WORK INSTRUCTIONS:
Nothing but an exact repeat of the data, with pictures removed, belongs in the answer.

MATERIAL TO PROCESS:

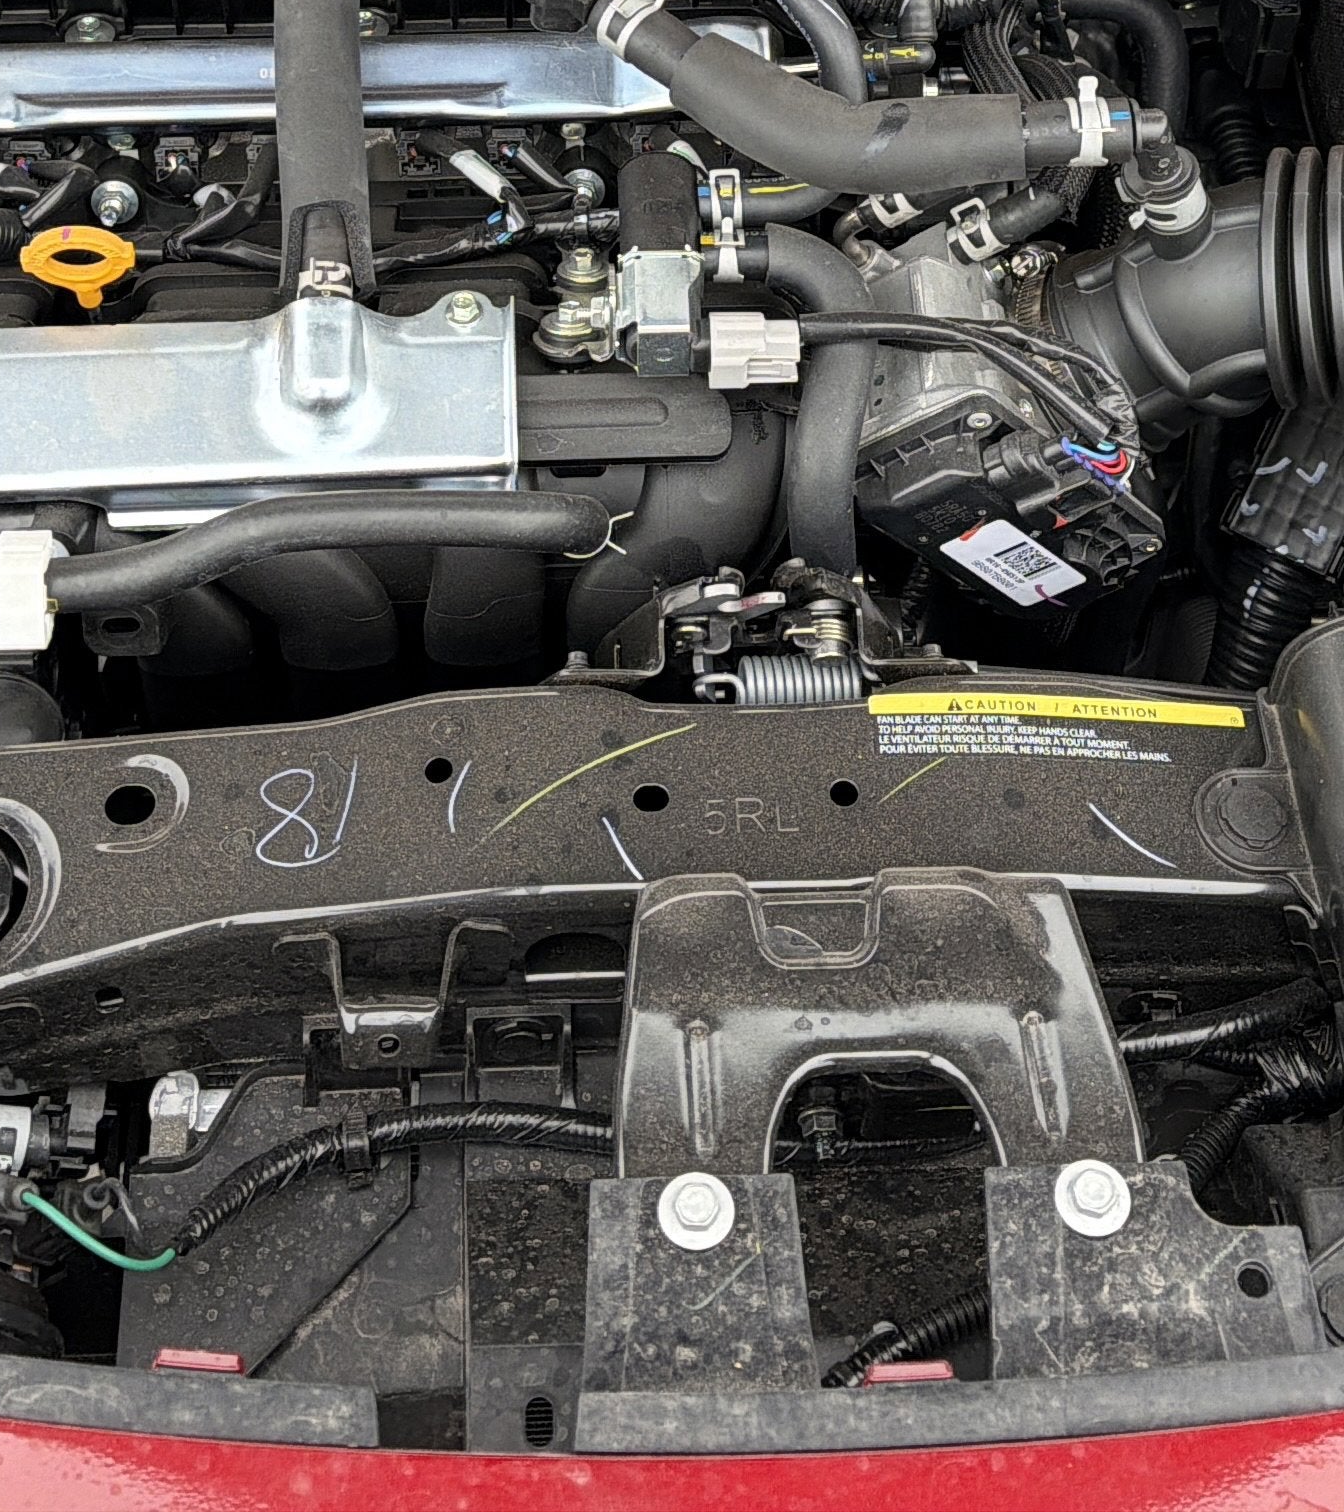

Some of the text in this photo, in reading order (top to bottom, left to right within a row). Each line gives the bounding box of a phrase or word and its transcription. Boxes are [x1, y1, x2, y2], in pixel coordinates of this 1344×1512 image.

[964, 699, 1036, 711] CAUTION
[1072, 703, 1158, 718] ATTENTION
[877, 715, 894, 724] FAN
[895, 715, 922, 724] BLADE
[923, 715, 942, 724] CAN
[943, 715, 968, 724] START
[969, 715, 980, 724] AT
[879, 725, 890, 734] TO
[892, 725, 913, 734] HELP
[914, 725, 941, 734] AVOID
[942, 725, 986, 735] PERSONAL
[1018, 726, 1038, 735] KEEP
[1039, 726, 1068, 737] HANDS
[1069, 728, 1098, 738] CLEAR.
[878, 735, 890, 744] LE
[891, 735, 951, 744] VENTILATEUR
[953, 735, 986, 744] RISQUE
[987, 735, 1001, 744] DE
[1002, 734, 1052, 745] DÉMARRER
[1062, 738, 1085, 748] TOUT
[1087, 739, 1131, 750] MOMENT.
[879, 743, 1172, 762] POUR ÉVITER TOUTE BLESSURE, NE PAS EN APPROCHER LES MAINS.
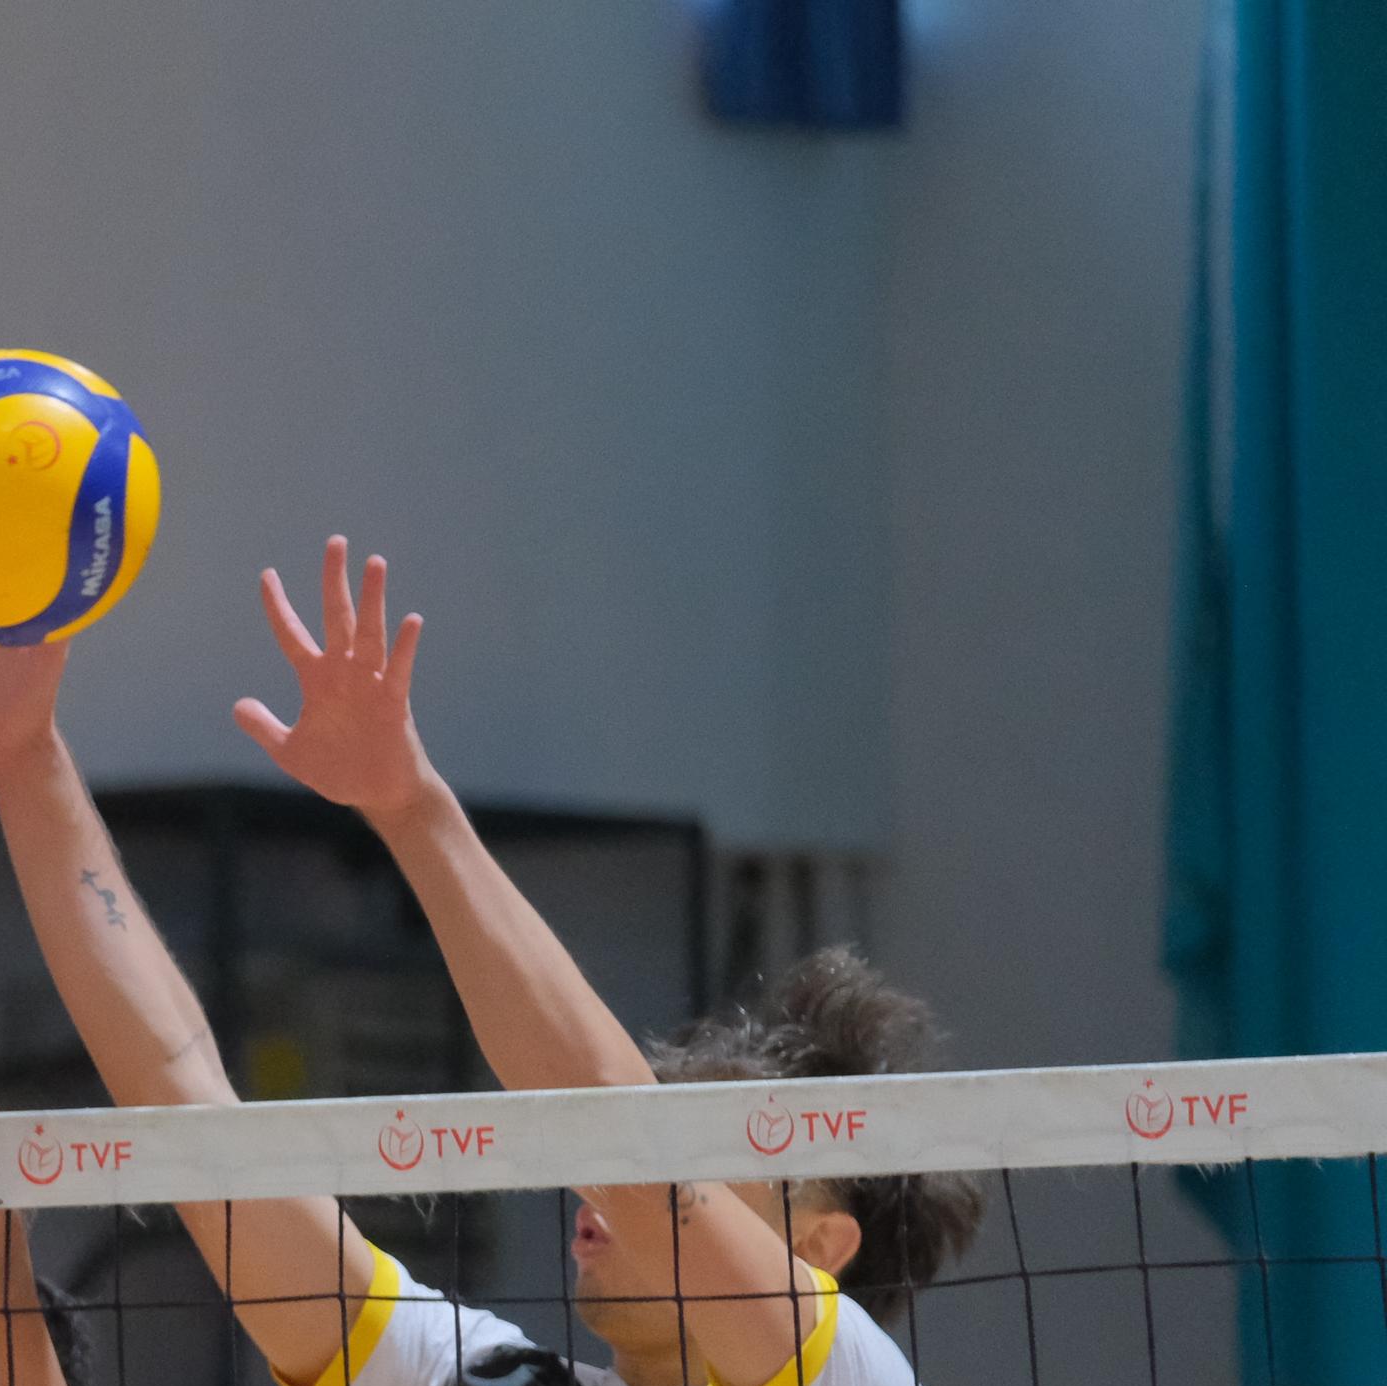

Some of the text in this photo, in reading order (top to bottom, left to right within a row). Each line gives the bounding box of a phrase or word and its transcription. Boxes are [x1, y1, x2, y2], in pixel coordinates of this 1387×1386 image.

[800, 1109, 868, 1144] TVF
[1180, 1092, 1249, 1127] TVF
[68, 1140, 133, 1171] TVF
[429, 1124, 496, 1159] TVF

WRITTEN RESPONSE:
Some of the text in this photo, in reading order (top to bottom, left to right within a row). Each line gives the bounding box of a phrase or word and its transcription. Boxes are [x1, y1, x2, y2], in pixel coordinates of this 1344×1512 image.

[964, 699, 1036, 711] CAUTION
[1072, 703, 1158, 718] ATTENTION
[877, 715, 894, 724] FAN
[895, 715, 922, 724] BLADE
[923, 715, 942, 724] CAN
[943, 715, 968, 724] START
[969, 715, 980, 724] AT
[879, 725, 890, 734] TO
[892, 725, 913, 734] HELP
[914, 725, 941, 734] AVOID
[942, 725, 986, 735] PERSONAL
[1018, 726, 1038, 735] KEEP
[1039, 726, 1068, 737] HANDS
[1069, 728, 1098, 738] CLEAR.
[878, 735, 890, 744] LE
[891, 735, 951, 744] VENTILATEUR
[953, 735, 986, 744] RISQUE
[987, 735, 1001, 744] DE
[1002, 734, 1052, 745] DÉMARRER
[1062, 738, 1085, 748] TOUT
[1087, 739, 1131, 750] MOMENT.
[879, 743, 1172, 762] POUR ÉVITER TOUTE BLESSURE, NE PAS EN APPROCHER LES MAINS.

Some of the text in this photo, in reading order (top to bottom, left to right within a row). Each line gives the bounding box of a phrase or word and its transcription. Boxes are [x1, y1, x2, y2], in pixel coordinates of this 1387×1386 image.

[800, 1109, 868, 1144] TVF
[1180, 1092, 1249, 1127] TVF
[68, 1140, 133, 1171] TVF
[429, 1124, 496, 1159] TVF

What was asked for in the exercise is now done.